Sa mère, Laure Le Poittevin, passionnée de littérature, nourrissait une profonde admiration pour son frère Alfred, le meilleur ami de Flaubert. C’est en leur compagnie qu’elle fait la connaissance de Gustave Maupassant, un dandy nonchalant, séducteur, mais personnage médiocre en regard de la personnalité des deux amis écrivains. Celui-ci s’empresse de la séduire, mais elle, qui souffre de sa condition de roturière et rêve de s’évader de sa médiocrité provinciale, résiste car elle lui reproche de ne pas avoir de particule à son nom. Puis, de lassitude, elle se résigne, mais elle n’acceptera de l’épouser que s’il fait des recherches dans les archives afin de trouver une origine noble à sa famille... Selon Henri Troyat, « par chance, il se trouve qu’un Jean-Baptiste Maupassant, conseiller-secrétaire du roi, a été anobli en 1752 ». Gustave revendique aussitôt le droit à la particule... et il obtient satisfaction en juillet 1846. Il peut désormais s’appeler Gustave de Maupassant.

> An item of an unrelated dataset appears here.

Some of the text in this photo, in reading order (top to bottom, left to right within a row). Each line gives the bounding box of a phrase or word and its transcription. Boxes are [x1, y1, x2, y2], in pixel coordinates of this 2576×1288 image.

Le mariage a lieu le 9 novembre de la même année. Peu après, Alfred, le frère de Laure, épouse Louise, la soeur de Gustave... Une double alliance, pratique courante dans nos généalogies rurales, qui unit encore plus étroitement les familles.

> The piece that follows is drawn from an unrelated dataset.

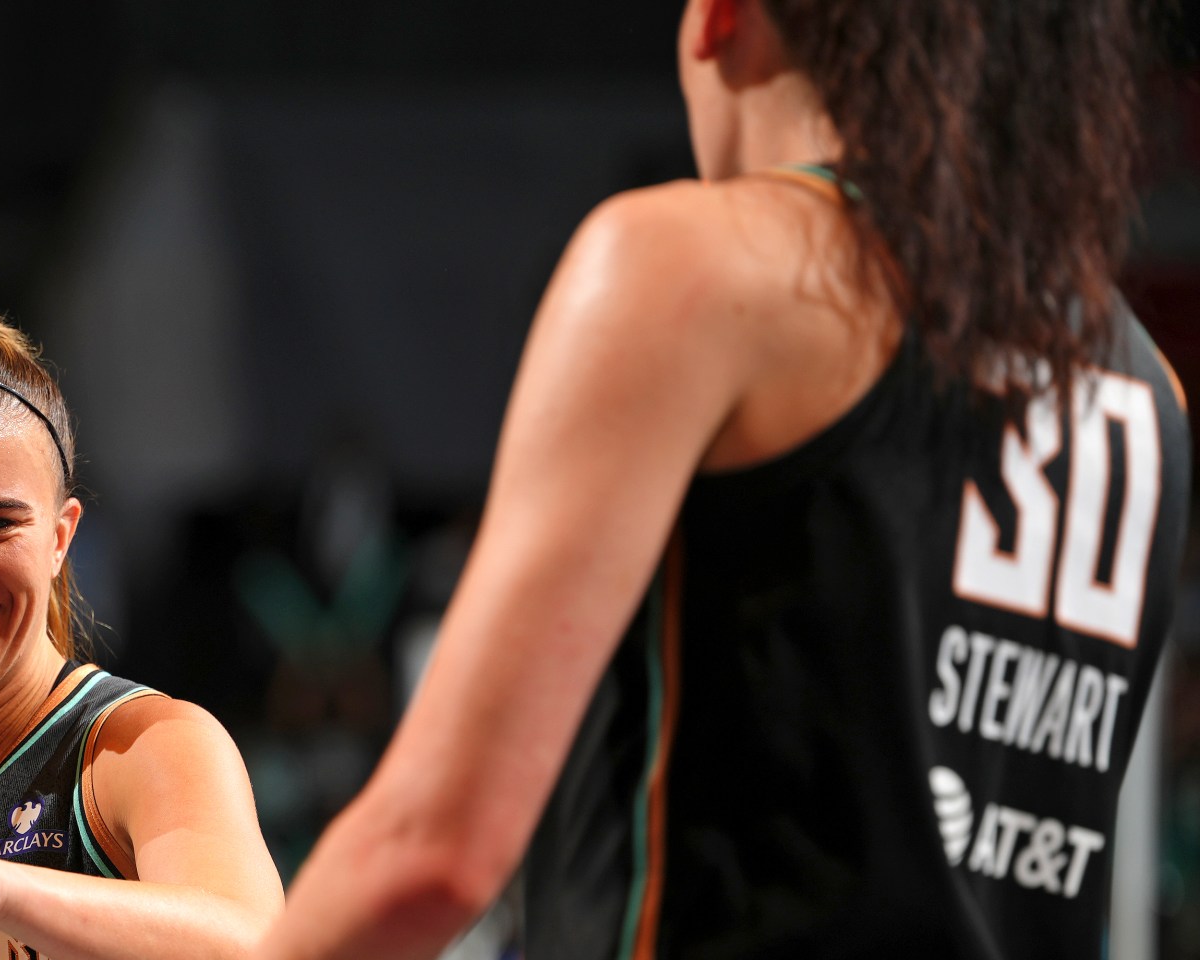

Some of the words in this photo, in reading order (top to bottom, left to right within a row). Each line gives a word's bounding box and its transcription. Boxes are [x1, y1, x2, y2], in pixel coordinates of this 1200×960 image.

[953, 350, 1161, 650] 30
[928, 624, 1128, 773] STEWART
[968, 802, 1105, 899] AT&T

De l’union de Laure et Gustave naît le 5 août 1850 un garçon prénommé Guy. Il est ondoyé le 20 août et baptisé un an plus tard, le 17 août 1851. Sur sa naissance, bien des zones d’ombres vont rester longtemps vivaces. Est-il né au château de Miromesnil, commune de Tourville-sur-Arques, comme indiqué sur son acte de naissance ? Ou à Sotteville, près d’Yvetot, comme il est indiqué, sans doute par erreur, dans son acte de décès ? Ou bien dans la maison familiale à Fécamp, car la rumeur locale précise que Laure ne se serait installée au château de Miromesnil qu’après ses relevailles et qu’elle aurait bénéficié d’un arrangement de la municipalité de Tourville pour faire un faux acte de naissance ? Henri Troyat, dans sa biographie de Maupassant, semble élucider l’énigme en citant des documents d’archives qui accréditent la thèse de la naissance de Guy dans le château de Miromesnil, alors loué par la famille car, pour Laure, il était primordial que son fils voit le jour dans une maison de son rang.
Toujours est-il que Gustave, pour se distraire, fut un mari infidèle et que les époux vont se séparer à l’amiable après tout de même 14 années de vie commune, de disputes en réconciliations. Guy, qui n’avait alors que 10 ans, prit le parti de sa mère et conservera des relations distantes mais courtoises avec son père.
De cette enfance agitée, le lecteur retrouve les échos dans l’oeuvre de l’écrivain où ce sont souvent les mêmes thèmes qui reviennent : le mystère de la naissance, la famille qui se désagrège, l’amour malheureux, la difficulté de la communication entre les êtres, ou encore l’obsession de la figure du père qui s’exprime à travers son absence, son insignifiance ou sa dénégation.
Sources :
Henri Troyat, Maupassant, Paris, Flammarion, Grandes Biographies, 1989.
Pierre Danger, Le Père défait, in Le Magazine littéraire, numéro 310, pages 54-57, mai 1993.